AVAILABLE RECORDS Block Start
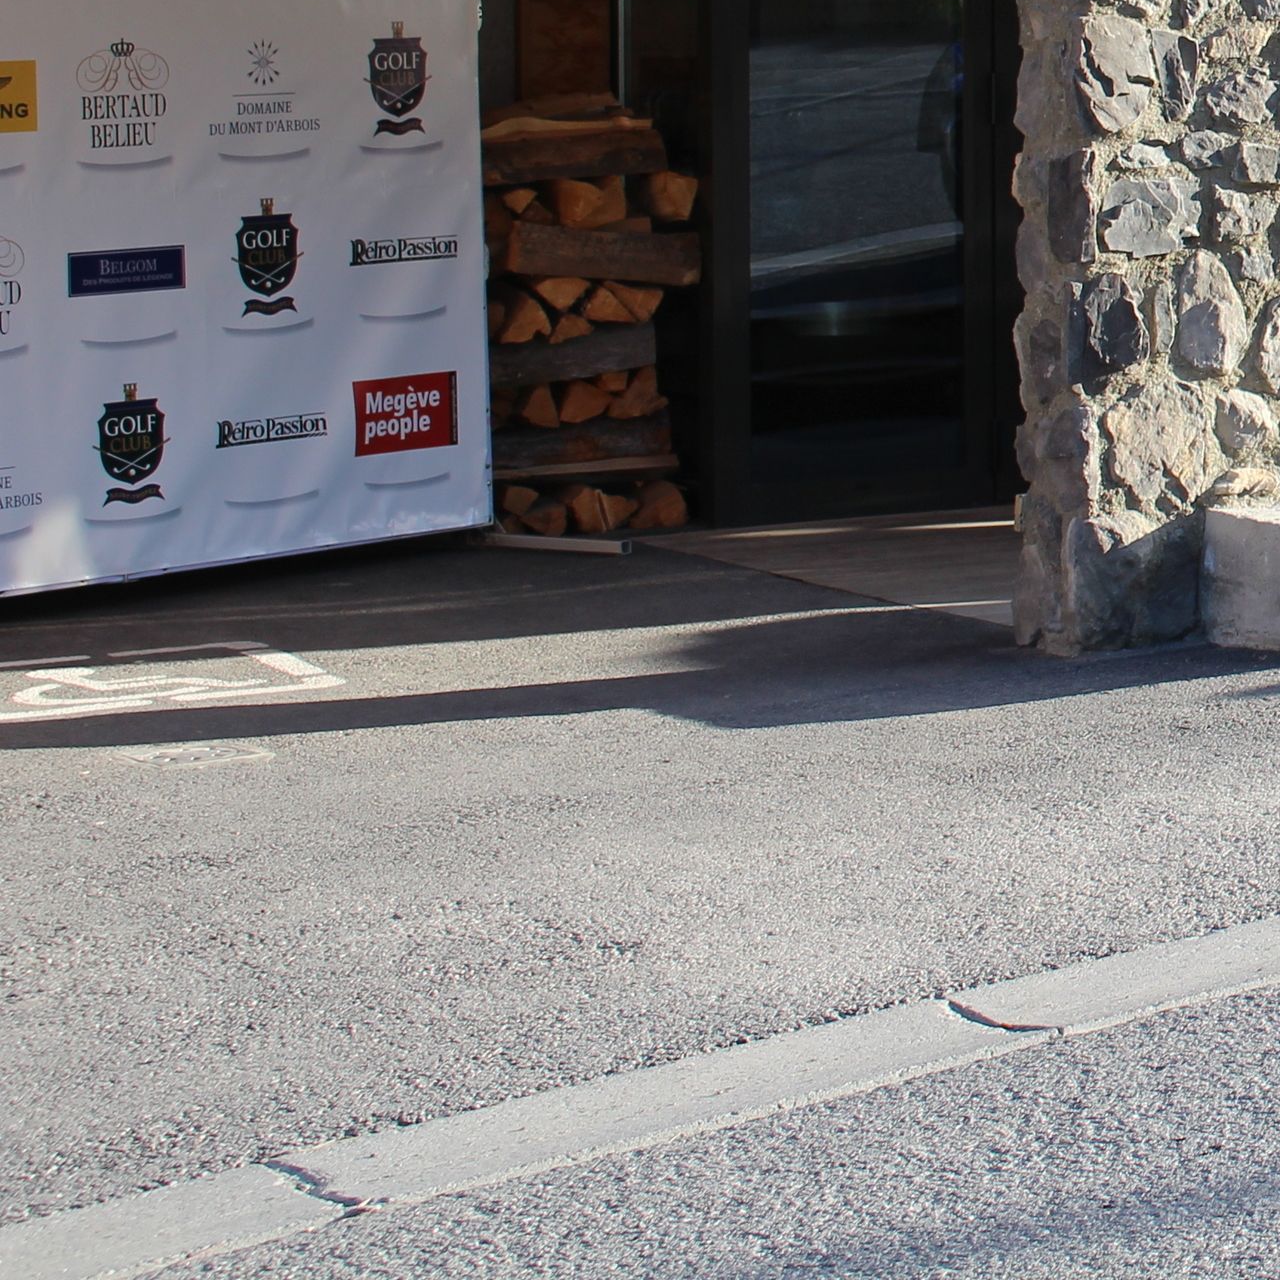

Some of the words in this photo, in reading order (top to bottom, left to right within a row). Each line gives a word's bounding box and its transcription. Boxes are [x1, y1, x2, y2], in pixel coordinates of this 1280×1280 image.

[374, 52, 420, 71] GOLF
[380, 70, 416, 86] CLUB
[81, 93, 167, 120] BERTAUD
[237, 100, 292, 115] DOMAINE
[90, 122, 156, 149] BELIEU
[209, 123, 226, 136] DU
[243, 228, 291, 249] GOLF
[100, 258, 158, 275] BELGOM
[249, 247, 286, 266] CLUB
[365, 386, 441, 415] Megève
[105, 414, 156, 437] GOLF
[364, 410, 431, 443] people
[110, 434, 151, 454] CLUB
AVAILABLE RECORDS Block End
:: TASK DIRECTIONS ::
Repeat the records above verbatim, with no pictures in the result.

:: ANSWER TO THIS TASK ::
Some of the words in this photo, in reading order (top to bottom, left to right within a row). Each line gives a word's bounding box and its transcription. Boxes are [x1, y1, x2, y2], in pixel coordinates of this 1280×1280 image.

[374, 52, 420, 71] GOLF
[380, 70, 416, 86] CLUB
[81, 93, 167, 120] BERTAUD
[237, 100, 292, 115] DOMAINE
[90, 122, 156, 149] BELIEU
[209, 123, 226, 136] DU
[243, 228, 291, 249] GOLF
[100, 258, 158, 275] BELGOM
[249, 247, 286, 266] CLUB
[365, 386, 441, 415] Megève
[105, 414, 156, 437] GOLF
[364, 410, 431, 443] people
[110, 434, 151, 454] CLUB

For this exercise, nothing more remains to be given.